Console of the AP will also give you more details but I am not sure whether that will be possible or not.
07-16-2012 05:12 PM
Alap, thanks for the response.
All of my AP's are provisioned using DHCP..
I have found the ip address from the DHCP server and pinged it. Apparently another device has pulled that address already.
Here is the output of the SHOW command you sent:
#show datapath session table | include 10.0.10.54
10.0.10.54 10.0.17.18 17 8211 8211 0/0 0 0 1 local d FY
10.0.10.54 10.0.17.20 17 8211 8211 0/0 0 0 1 1/0 d FC
10.0.10.54 10.0.17.20 17 21739 2 0/0 0 0 1 1/0 3 FC
10.0.17.20 10.0.10.54 47 0 0 0/0 0 0 0 1/0 c9c2 F
10.0.17.20 10.0.10.54 17 8211 8211 0/0 0 0 1 1/0 d FY
10.0.17.18 10.0.10.54 17 8211 8211 0/0 0 0 1 local d FC
10.0.10.54 10.0.17.20 47 0 0 0/0 0 0 0 1/0
10.0.17.20 would be the controller and 10.0.10.54 the AP.
That location is remote and would involve some travel to console into it............but it is possible and will have to be done if I cannot resolve this matter remotely within the next 24hrs.
07-17-2012 06:36 PM
I would suggest to try to do DHCP reservation for those AP's and after do a POE reboot.
Try doing a packet capture on the ether of the AP: if using linux : tcpdump -i <interface> -n ether host <mac>
look there the BOOTP traffic and maybe the AP trying to connect to the controller and check if there are any rejects from the controller ... or at least if there are any replies from it.
07-18-2012 08:58 PM
Just a point (or two ;)) of clarification...
What is the IP address of the controller?
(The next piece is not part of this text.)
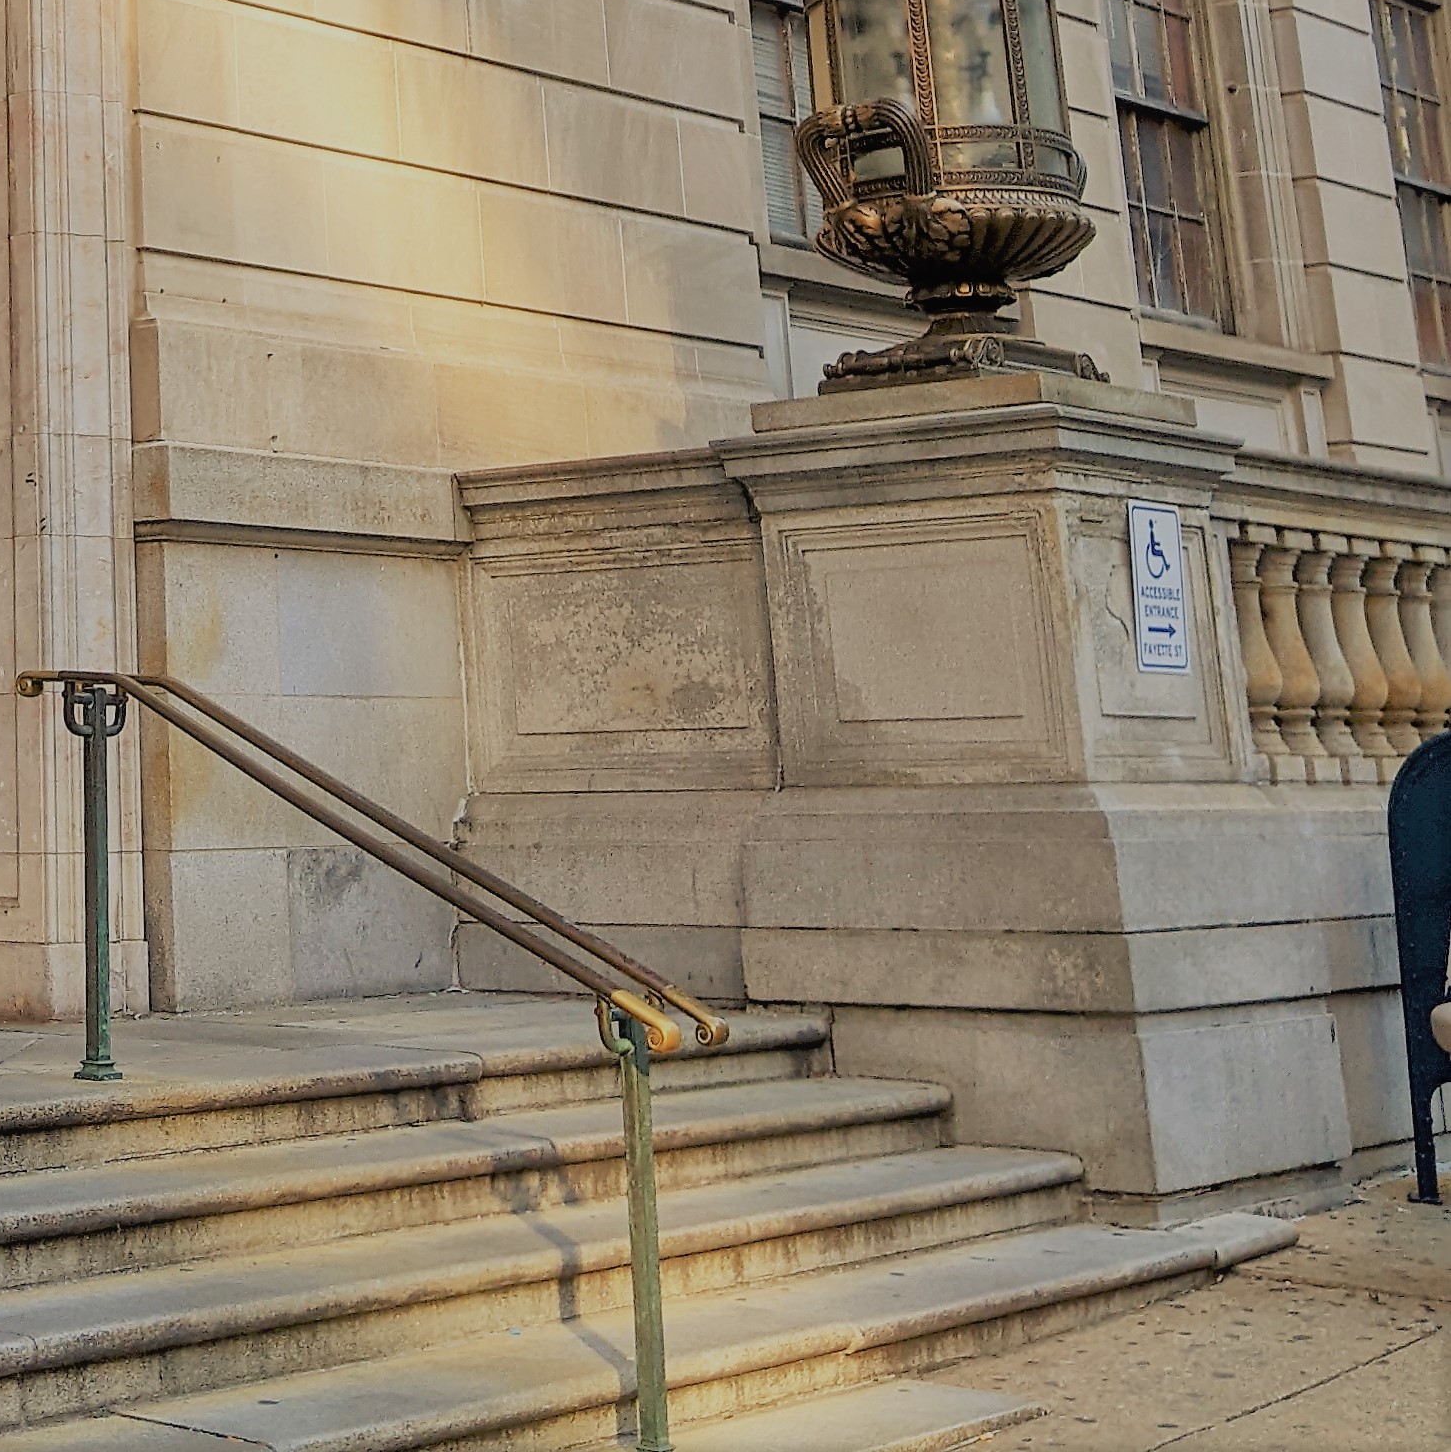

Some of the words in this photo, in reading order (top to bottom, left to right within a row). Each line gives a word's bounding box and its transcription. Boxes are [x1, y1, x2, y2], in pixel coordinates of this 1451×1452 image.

[1140, 585, 1180, 601] ACCESSIBLE
[1144, 604, 1179, 620] ENTRANCE
[1143, 642, 1172, 658] FAYETTE
I ask as I see .18 and .20 'talking' to .54 that makes me believe that .54 is the controller, rather than .20.
IN any event, there is some communication from AP to controller... question is, is this capture for a working or non-working AP of course...
What is the output of show ap database for the APs that are missing... are they all 'down' or in some other state ?
07-20-2012 03:44 AM
Thanks for your response.
I went ahead and did a reservation for all of my Ap's in that location. Once I rebooted my core router and my dhcp server, the AP's came back online. After that I got a call from that location that someone there was receiving an IP address conflict. Came to find out that someone there had used that same static IP in their machine which may have initially caused the issue to present itself.
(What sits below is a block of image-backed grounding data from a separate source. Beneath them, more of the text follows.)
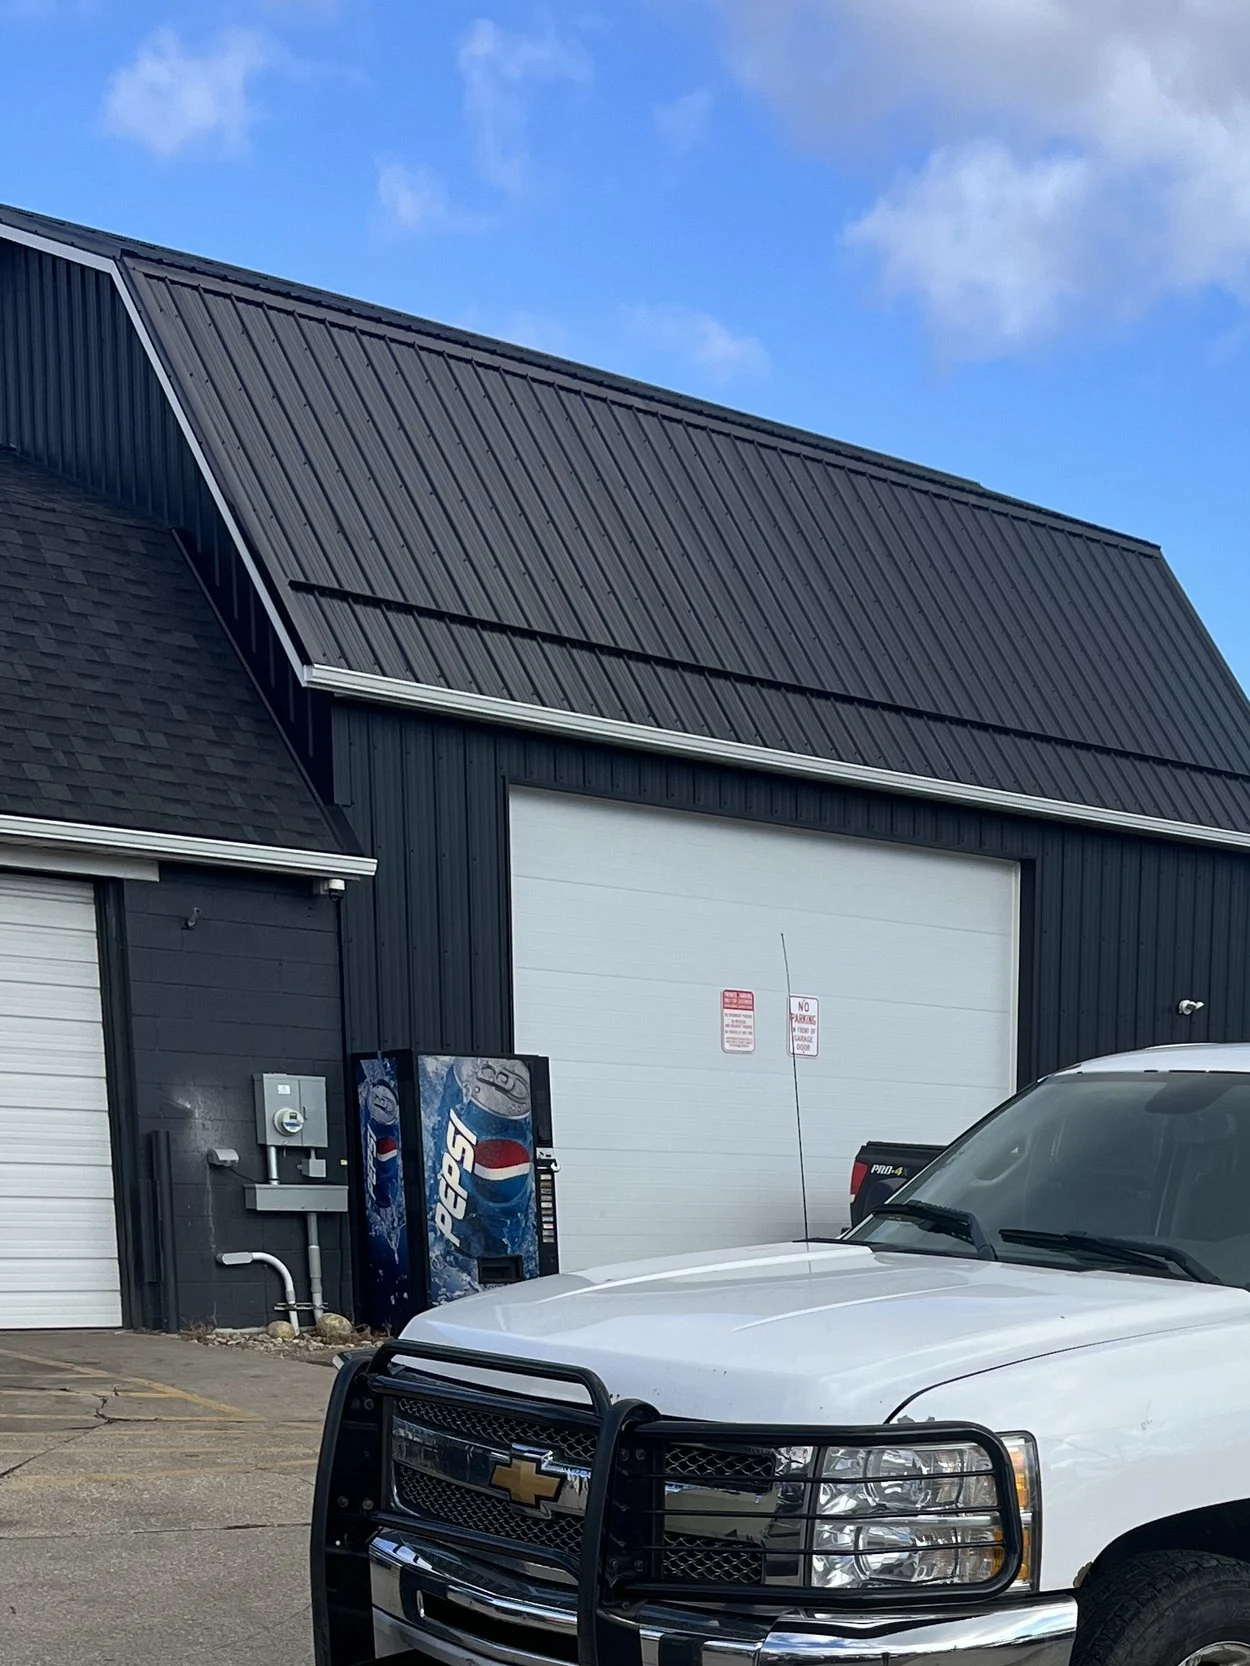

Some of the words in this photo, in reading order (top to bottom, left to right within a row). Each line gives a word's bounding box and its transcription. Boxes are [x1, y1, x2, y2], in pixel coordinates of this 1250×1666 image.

[790, 1013, 817, 1026] PARKING
[798, 1000, 810, 1012] NO
[367, 1123, 377, 1201] PEPSI
[433, 1108, 479, 1248] PEPSI
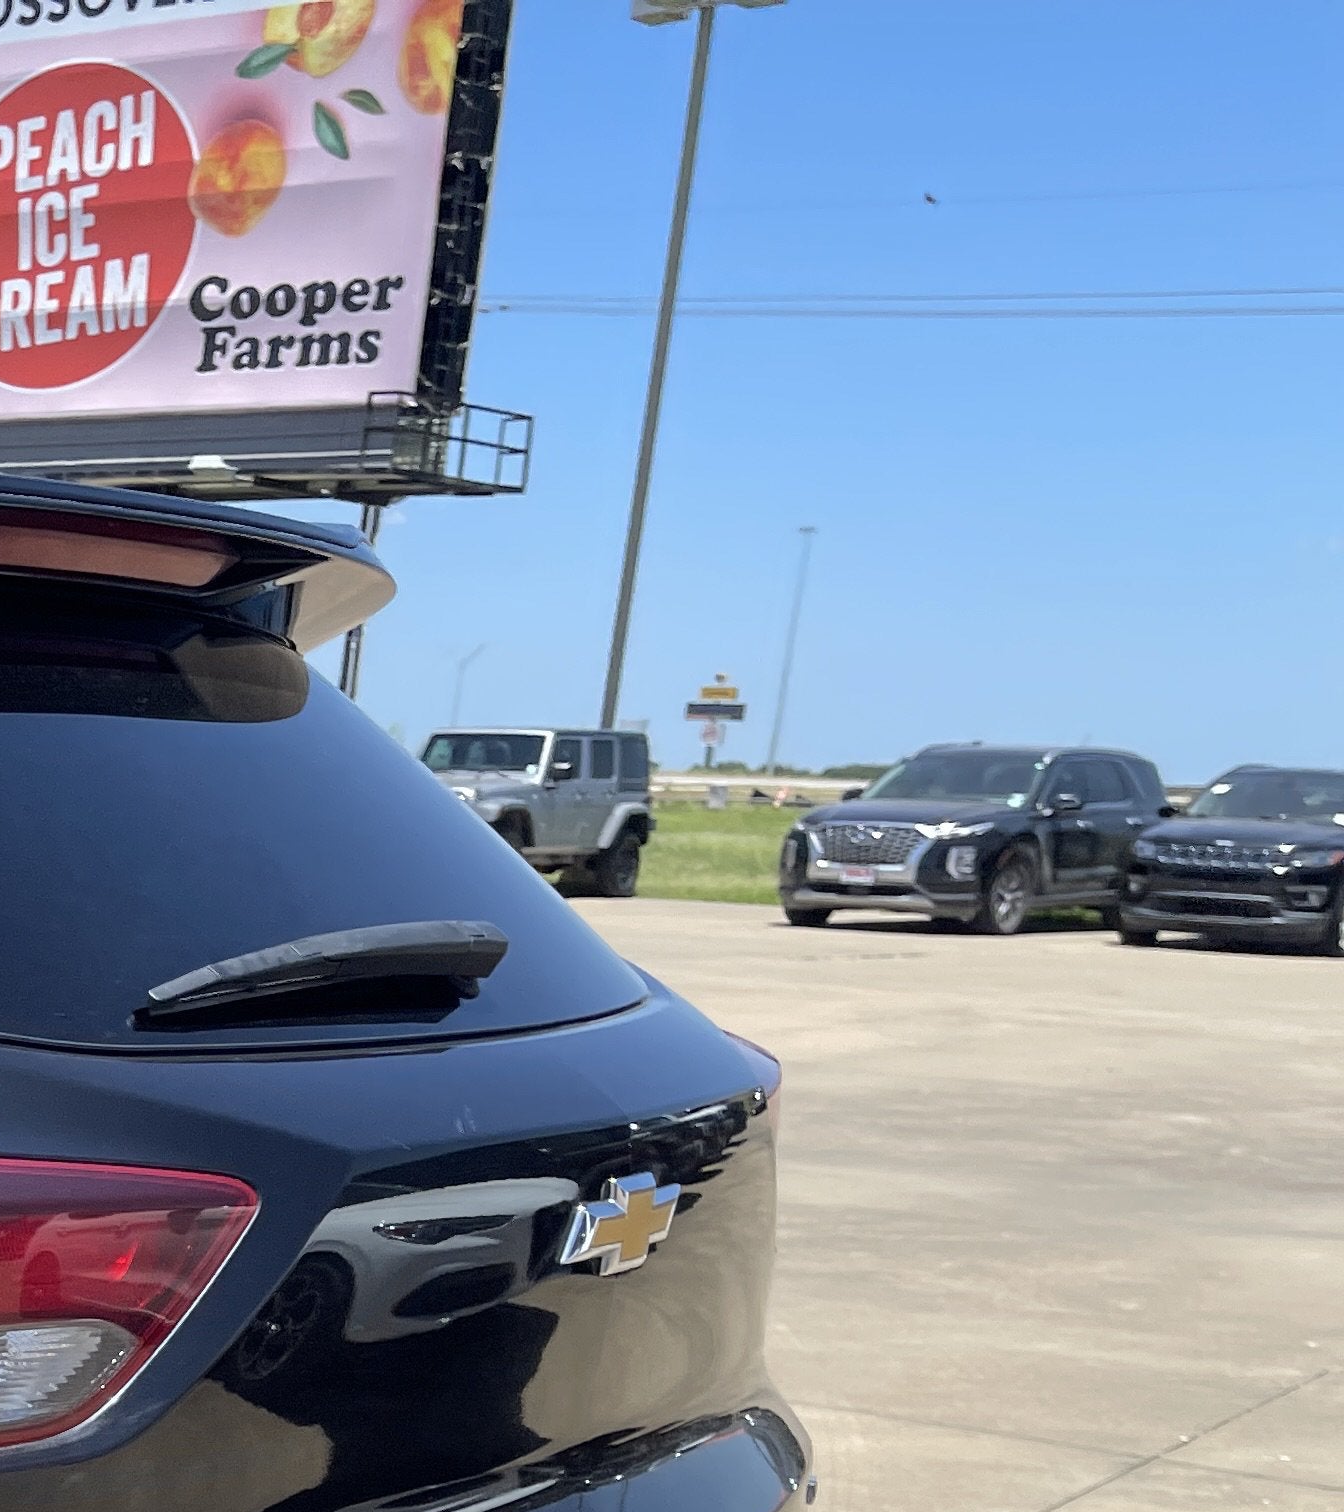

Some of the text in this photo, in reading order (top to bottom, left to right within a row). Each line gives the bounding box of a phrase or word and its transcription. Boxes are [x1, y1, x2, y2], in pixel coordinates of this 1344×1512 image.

[17, 182, 101, 272] ICE
[189, 275, 404, 327] Cooper
[195, 325, 382, 373] Farms
07-21-2012 08:03 PM - edited 07-22-2012 11:20 AM
To prevent this from happening I would suggest a VLAN that handles the DHCP (use it as a management VLAN) for the devices and another VLAN for clients that will assign DHCP for them.
We had to do this to some location that we have because we found that more and more Apple products that are arp-ing all the IP's on the subnet and sending to the server that the MAC for that IP is his own this way messing the ARP entries (something like what you do for a men in the middle attack) - No explanation till today on why this happens though.